> [Task details]: An exact transcription of all the data is required, with every image removed.

> [Material shown]:
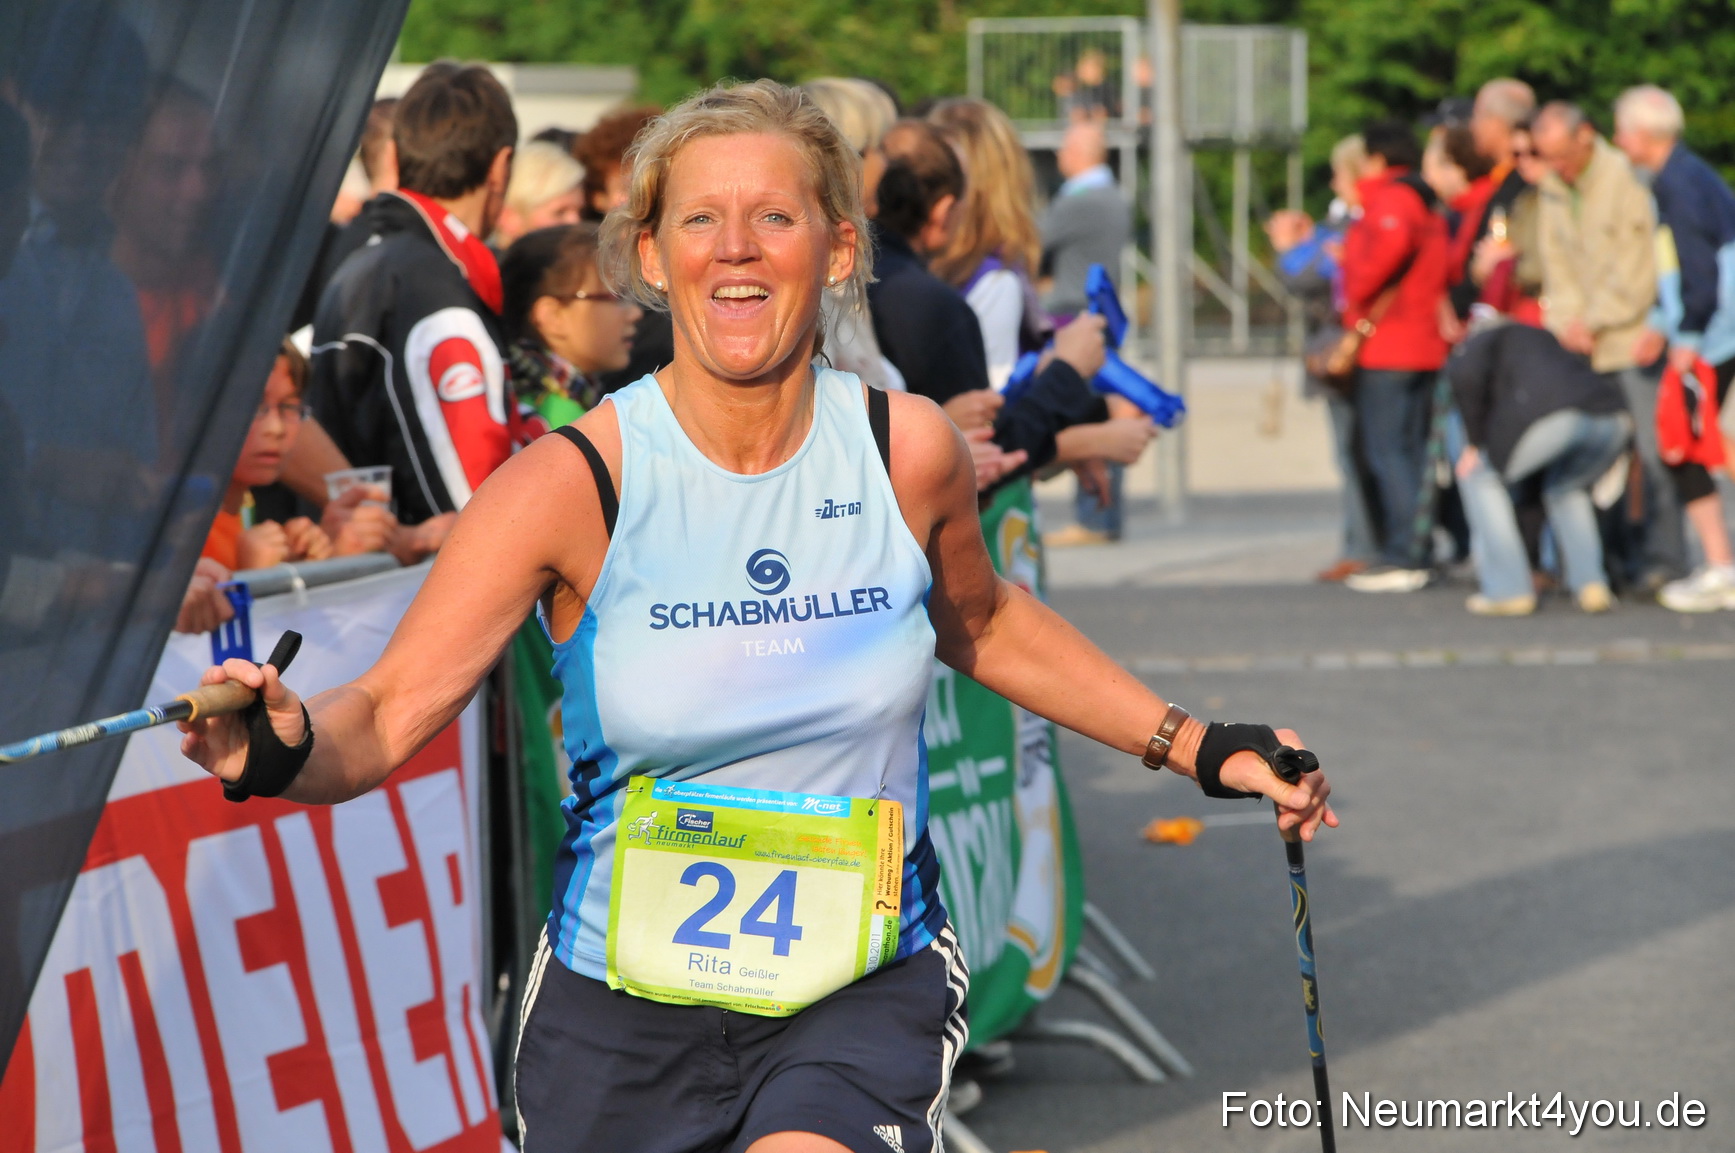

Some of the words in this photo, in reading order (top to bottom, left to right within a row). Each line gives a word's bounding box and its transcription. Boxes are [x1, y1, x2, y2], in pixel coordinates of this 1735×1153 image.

[649, 586, 893, 630] SCHABMÜLLER
[741, 637, 805, 658] TEAM
[656, 840, 695, 849] neumarkt
[657, 825, 748, 849] firmenlauf
[885, 868, 894, 896] Werbung
[672, 861, 803, 957] 24
[687, 952, 732, 975] Rita
[739, 966, 780, 981] Geißler
[689, 978, 714, 990] Team
[716, 981, 775, 997] Schabmüller
[873, 1125, 905, 1153] adidas

> [Exercise solution]:
Some of the words in this photo, in reading order (top to bottom, left to right within a row). Each line gives a word's bounding box and its transcription. Boxes are [x1, y1, x2, y2], in pixel coordinates of this 1735×1153 image.

[649, 586, 893, 630] SCHABMÜLLER
[741, 637, 805, 658] TEAM
[656, 840, 695, 849] neumarkt
[657, 825, 748, 849] firmenlauf
[885, 868, 894, 896] Werbung
[672, 861, 803, 957] 24
[687, 952, 732, 975] Rita
[739, 966, 780, 981] Geißler
[689, 978, 714, 990] Team
[716, 981, 775, 997] Schabmüller
[873, 1125, 905, 1153] adidas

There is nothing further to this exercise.